Your answer should be the records again, unchanged in wording and free of images.

____

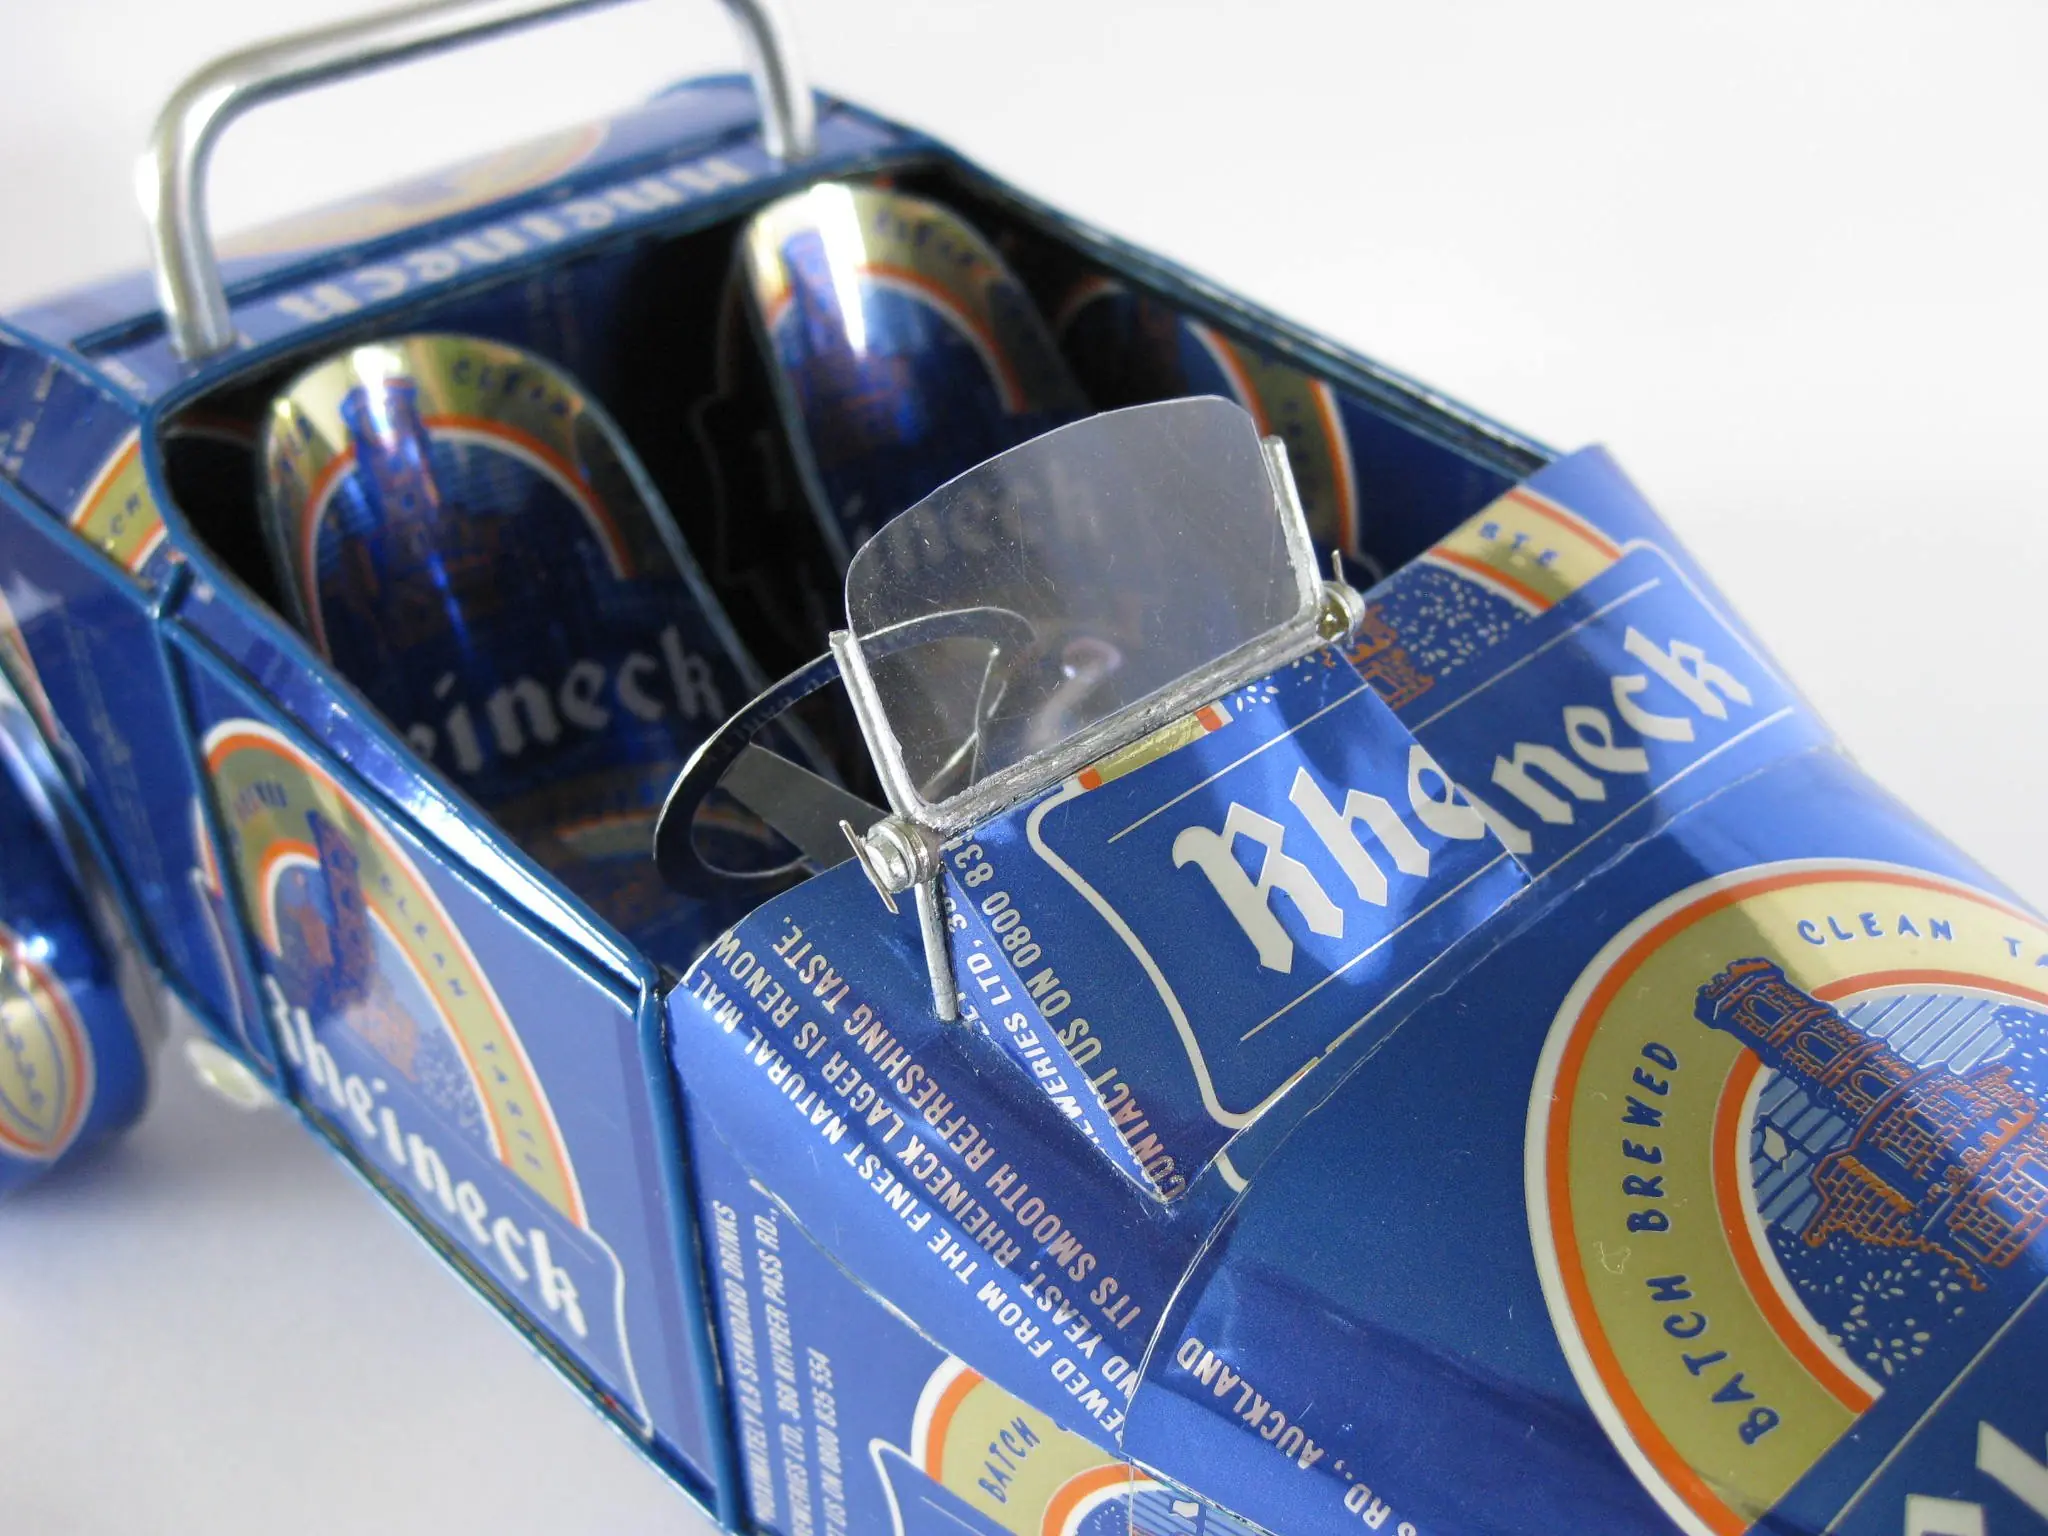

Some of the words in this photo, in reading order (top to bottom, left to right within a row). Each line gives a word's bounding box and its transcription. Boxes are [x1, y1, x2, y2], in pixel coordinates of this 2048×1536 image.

[773, 916, 850, 1014] TASTE.
[981, 891, 1042, 968] 0800
[1796, 911, 1953, 946] CLEAN
[715, 930, 799, 1028] RENOW
[966, 939, 1012, 1006] LTD,
[1026, 967, 1071, 1018] ON
[793, 1021, 827, 1059] IS
[1058, 1018, 1102, 1066] US
[744, 1026, 848, 1145] NATURAL
[821, 1051, 904, 1143] LAGER
[843, 1003, 995, 1172] REFRESHING
[1621, 1042, 1680, 1233] BREWED
[754, 1207, 780, 1251] RD.,
[843, 1142, 932, 1233] FINEST
[896, 1135, 1021, 1269] RHEINECK
[985, 1163, 1096, 1282] SMOOTH
[712, 1199, 744, 1280] DRINKS
[757, 1248, 787, 1306] PASS
[926, 1228, 978, 1285] THE
[975, 1279, 1053, 1358] FROM
[1019, 1260, 1103, 1360] YEAST,
[1090, 1276, 1141, 1330] ITS
[1050, 1357, 1125, 1442] EWED
[1645, 1274, 1781, 1446] BATCH
[1176, 1337, 1325, 1470] AUCKLAND
[977, 1416, 1041, 1504] BATCH
[1334, 1459, 1391, 1530] RD.,

____

§ Problem solution
Some of the words in this photo, in reading order (top to bottom, left to right within a row). Each line gives a word's bounding box and its transcription. Boxes are [x1, y1, x2, y2], in pixel coordinates of this 2048×1536 image.

[773, 916, 850, 1014] TASTE.
[981, 891, 1042, 968] 0800
[1796, 911, 1953, 946] CLEAN
[715, 930, 799, 1028] RENOW
[966, 939, 1012, 1006] LTD,
[1026, 967, 1071, 1018] ON
[793, 1021, 827, 1059] IS
[1058, 1018, 1102, 1066] US
[744, 1026, 848, 1145] NATURAL
[821, 1051, 904, 1143] LAGER
[843, 1003, 995, 1172] REFRESHING
[1621, 1042, 1680, 1233] BREWED
[754, 1207, 780, 1251] RD.,
[843, 1142, 932, 1233] FINEST
[896, 1135, 1021, 1269] RHEINECK
[985, 1163, 1096, 1282] SMOOTH
[712, 1199, 744, 1280] DRINKS
[757, 1248, 787, 1306] PASS
[926, 1228, 978, 1285] THE
[975, 1279, 1053, 1358] FROM
[1019, 1260, 1103, 1360] YEAST,
[1090, 1276, 1141, 1330] ITS
[1050, 1357, 1125, 1442] EWED
[1645, 1274, 1781, 1446] BATCH
[1176, 1337, 1325, 1470] AUCKLAND
[977, 1416, 1041, 1504] BATCH
[1334, 1459, 1391, 1530] RD.,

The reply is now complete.